The other questions are of course tied in to the basic question. A public option that effectively imposed price controls by using Medicare rates would be more effective than one that had to use negotiated rates. But even in the most conservative scenario, the public option would basically work. Most hospitals and physicians would contract with the public option at slightly reduced rates to commercial payers to maintain a positive image. The medical management in the plan would not be top of the line but would certainly be better than a pure indemnity plan that many individuals currently buy restraining some of the overall cost growth. A public option might also use a different pricing methodology so long term members don’t have to shop around for a new plan every few years. The plan probably wouldn’t pay the cost of capital but would cover its operating expenses1. In other words the plan would basically achieve most of its goals.

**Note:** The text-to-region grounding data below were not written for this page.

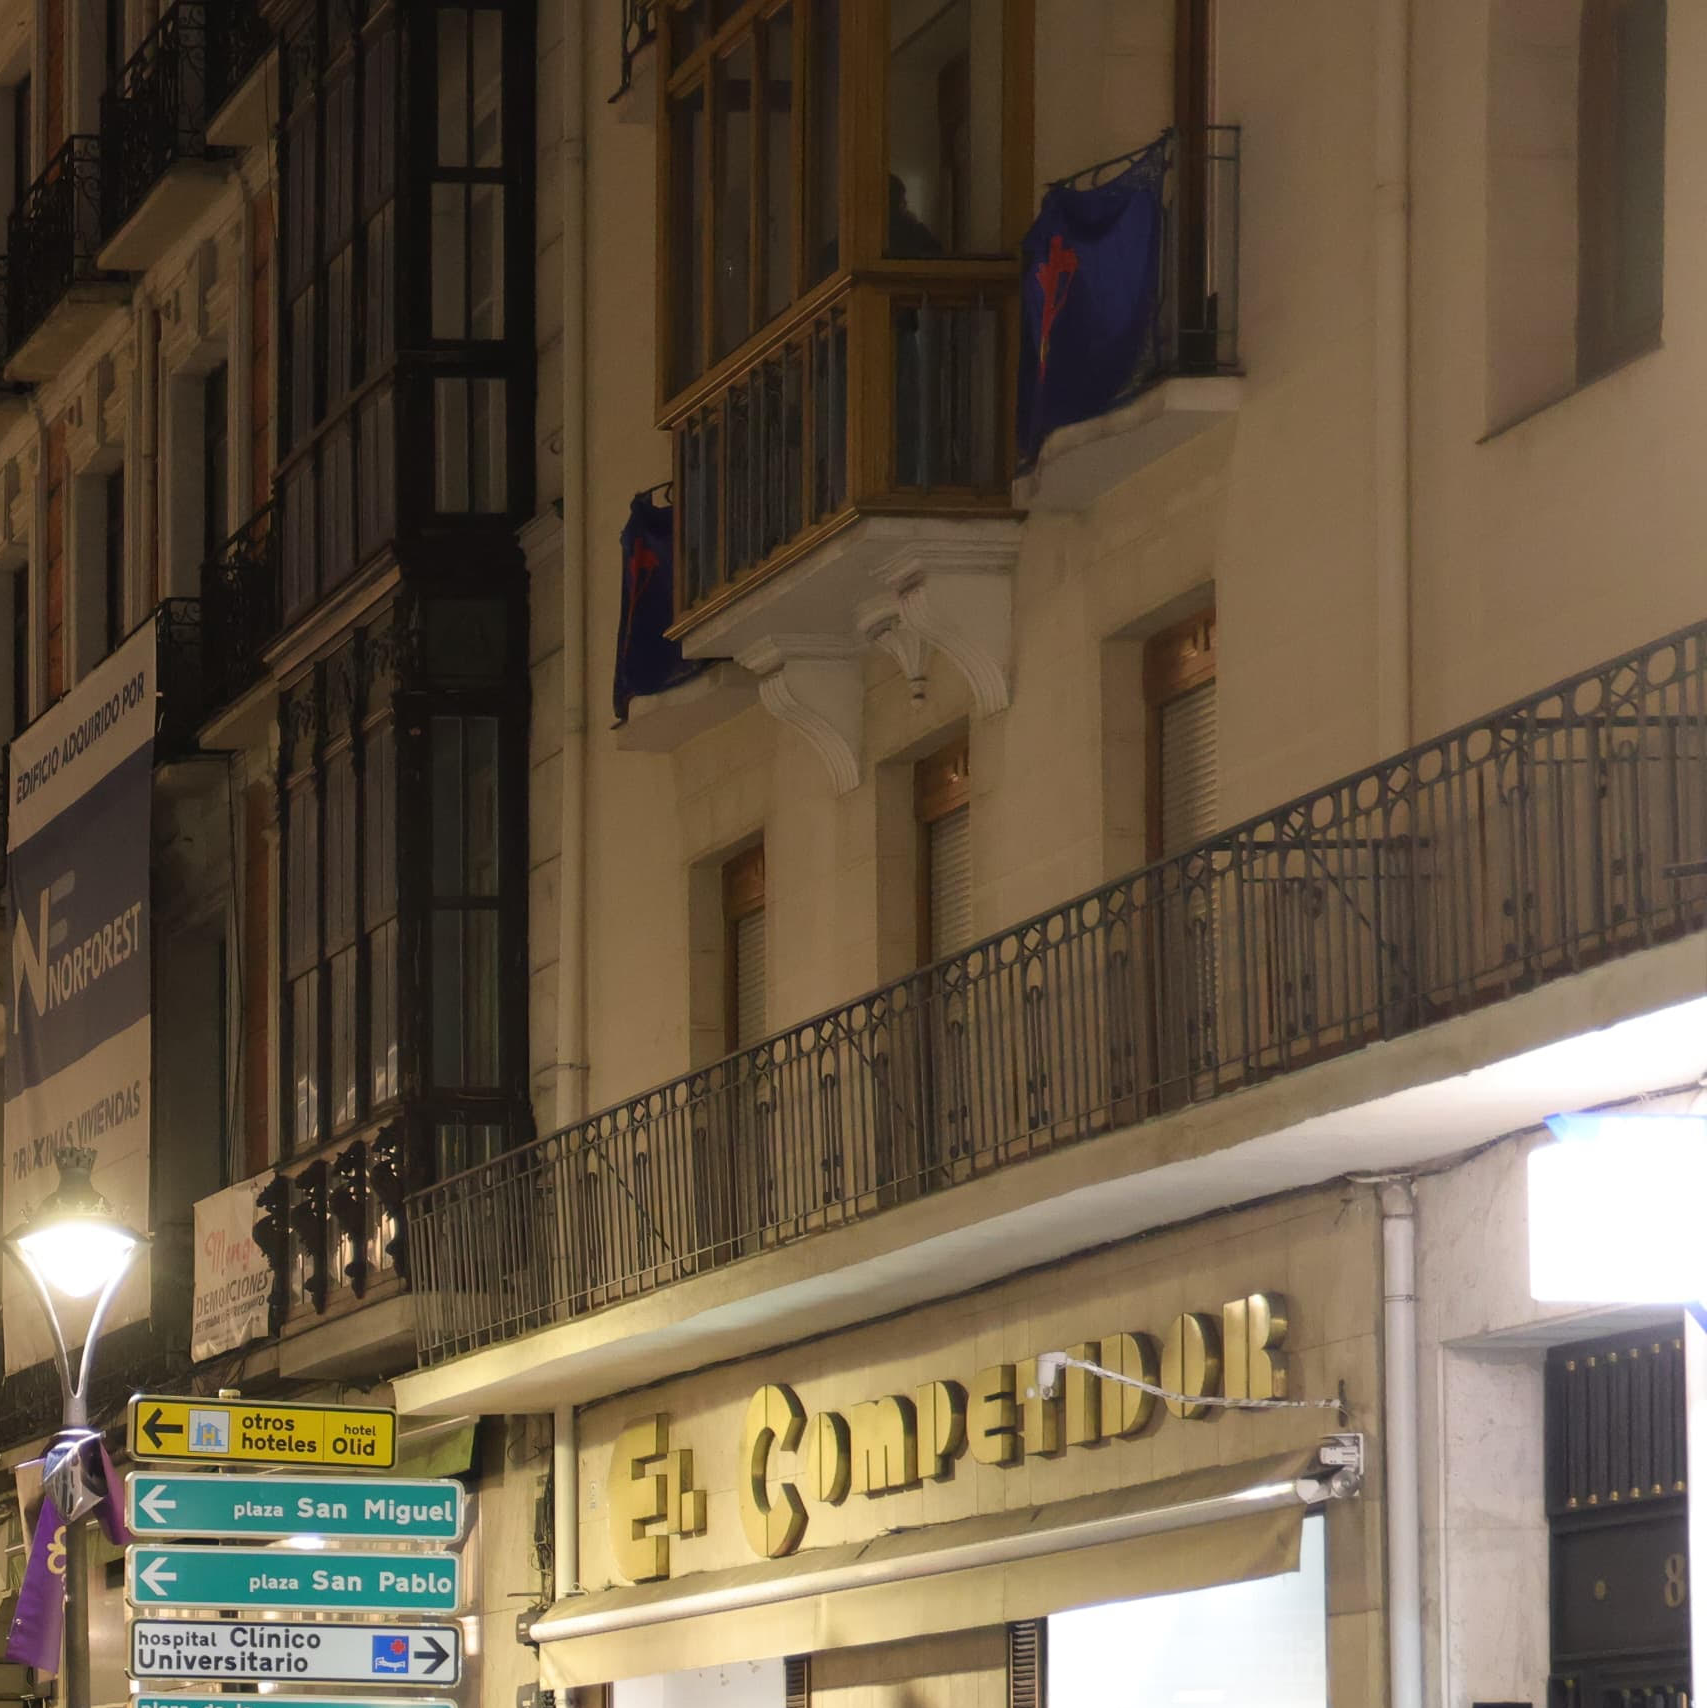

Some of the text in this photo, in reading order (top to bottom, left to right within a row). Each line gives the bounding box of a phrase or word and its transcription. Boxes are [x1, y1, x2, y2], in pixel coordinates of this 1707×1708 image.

[16, 671, 144, 805] EDIFICIO ADQUIRIDO POR
[48, 901, 141, 1009] NORFOREST
[76, 1079, 141, 1147] VIVIENDAS
[241, 1413, 295, 1431] otros
[343, 1424, 376, 1437] hotel
[241, 1432, 317, 1454] hoteles
[332, 1437, 376, 1457] Olid
[233, 1497, 454, 1525] plaza San Miguel
[248, 1570, 453, 1595] plaza San Pablo
[138, 1626, 321, 1650] hospital Clínico
[138, 1648, 309, 1673] Universitario
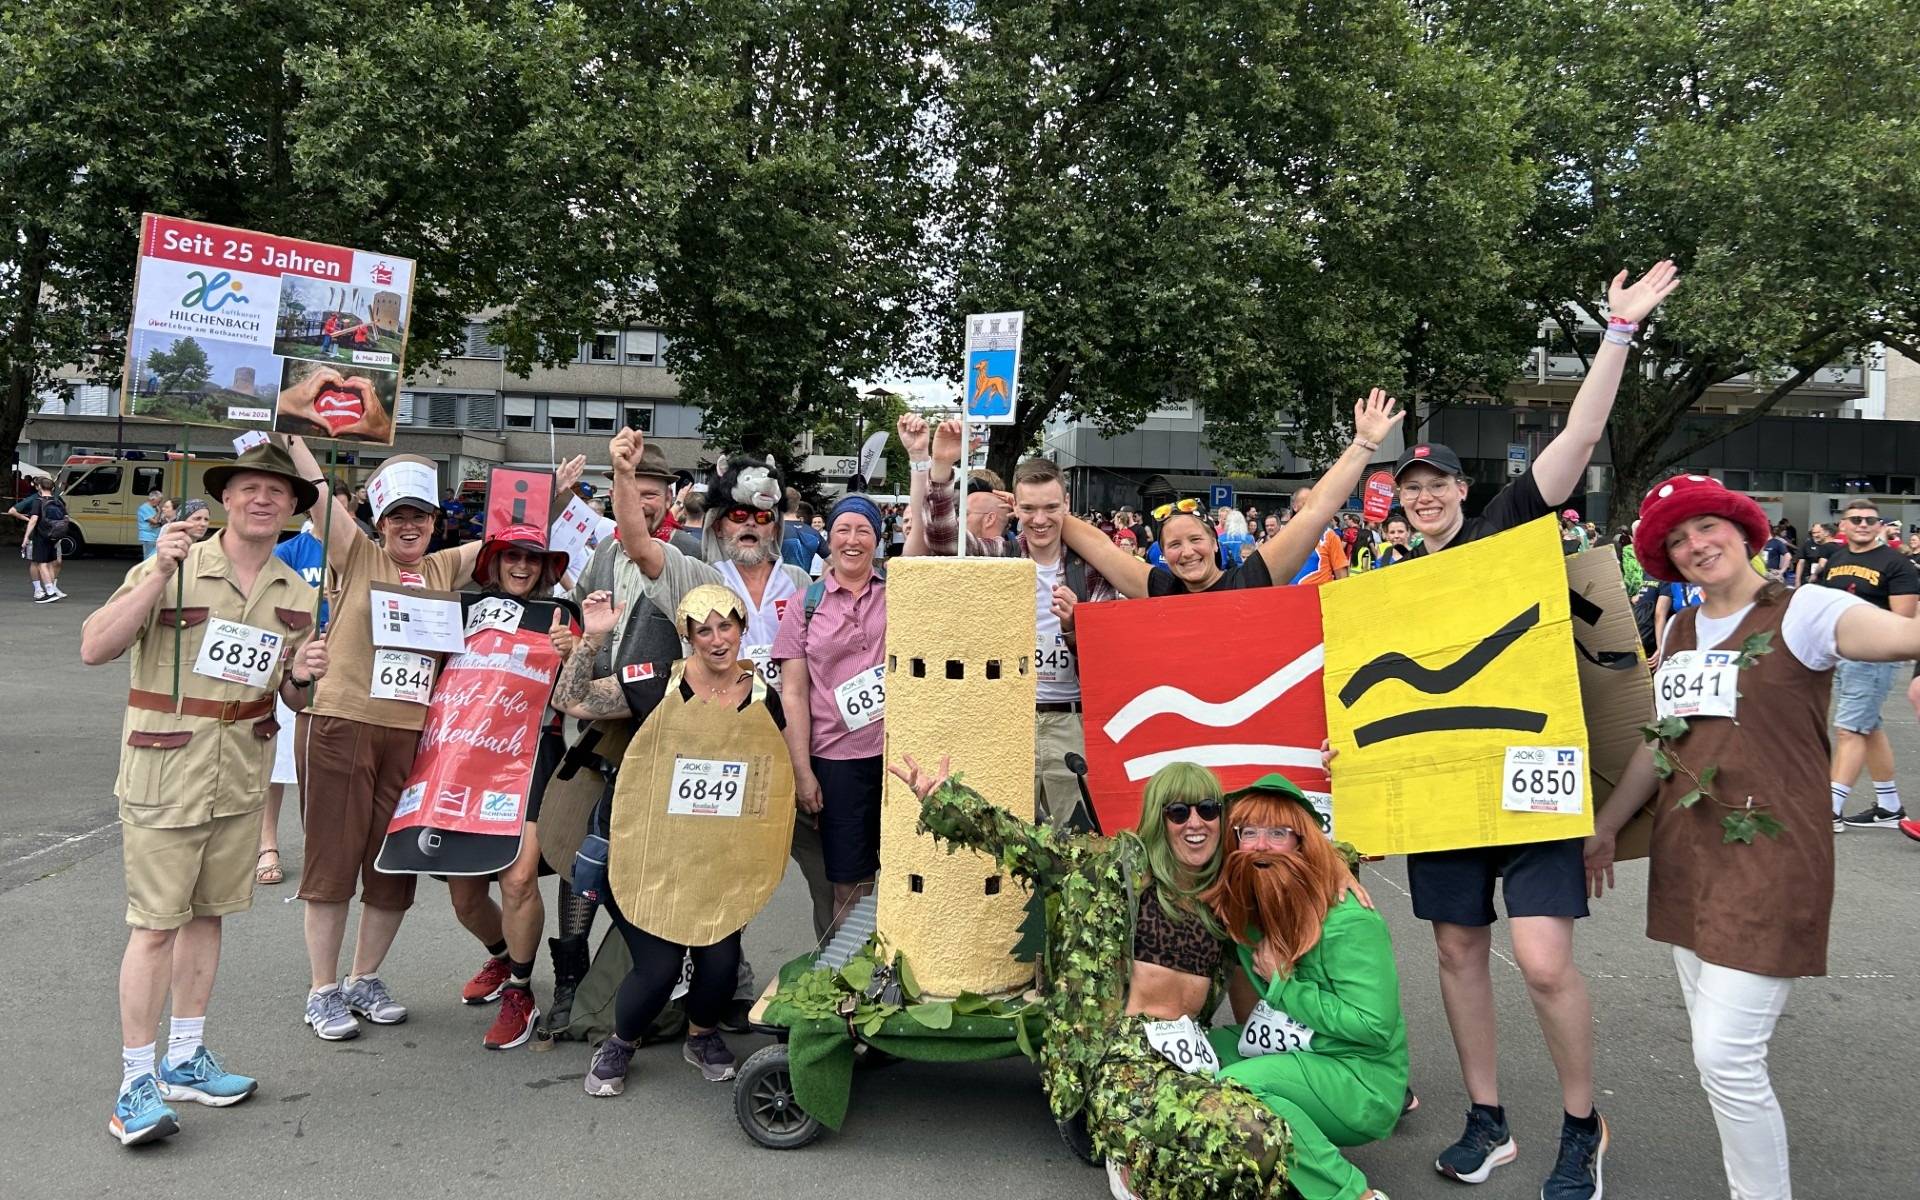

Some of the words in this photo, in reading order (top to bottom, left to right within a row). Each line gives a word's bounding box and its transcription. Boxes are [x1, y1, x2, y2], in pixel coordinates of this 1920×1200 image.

[163, 229, 214, 257] Seit
[223, 240, 253, 263] 25
[261, 246, 341, 277] Jahren
[170, 310, 260, 331] HILCHENBACH
[209, 328, 258, 342] Rothaarsteig
[1215, 487, 1228, 505] P
[217, 624, 239, 635] AOK
[469, 607, 516, 629] 6847
[208, 640, 271, 672] 6838
[383, 653, 402, 661] AOK
[1034, 648, 1070, 669] 845
[380, 666, 430, 691] 6844
[1661, 671, 1721, 701] 6841
[432, 681, 528, 717] urist-Info
[847, 684, 886, 716] 683
[1513, 750, 1535, 760] AOK
[682, 763, 702, 771] AOK
[678, 778, 738, 802] 6849
[1511, 768, 1576, 796] 6850
[1155, 1022, 1176, 1031] AOK
[1245, 1020, 1305, 1052] 6833
[1161, 1038, 1213, 1065] 6848

But this conclusion ignores the one fact that is so obvious many of the mainstream analyses and myself missed: the public option would have a 535 member board that can’t make the tough decisions. The latest example was one of the most prescient. On Thursday of last week, the house overwhelmingly voted not to increase Medicare part B premiums. The true fiscal cost of this act is limited because the premium increase for most Medicare members is capped at that year’s social security cost of living increase. But the symbolism is important, Congress can’t take health care away once it is given.
Many will argue just as the House did that retired Americans live on a fixed income and any premium increase the takes money directly out of their pocketbook. Of course the President has pointed out that most working Americans raises have been transferred to insurance premiums so everyone has taken a hit from the raising cost of health care. Everyone now except those on a government plan. If Congress will cave into the small increases that either don’t affect people because someone else pays or because they earn a substantial amount in retirement how can it credible argue that it will keep subsidies to the public plan at a sustainable level? And what the changes that will be needed to keep unsubsidized premiums competitive like indexed deductibles and out-of-pocket maximums? These changes will certainly be voted down in the name of consumer protection.
Congress has shown its true colors, short term vote chasers and not long term stewards. That’s fundamentally why the public option needs to be removed from any successful reform effort. It’s not that the government couldn’t run a health plan. Medicare proves that it can. The government can’t actually provide the structure for long term sustainability of health plan. Medicare proves that too.
Disclaimer: I am employed by Ingenix a subsidiary of United Health Group and these are my views and not the views of Ingenix or United Health.
1The plan would make enough money each year to pay for adverse experience, for example more claims than expected because of a flu pandemic, but not enough to pay back a hypothetical loan on the money to start the plan.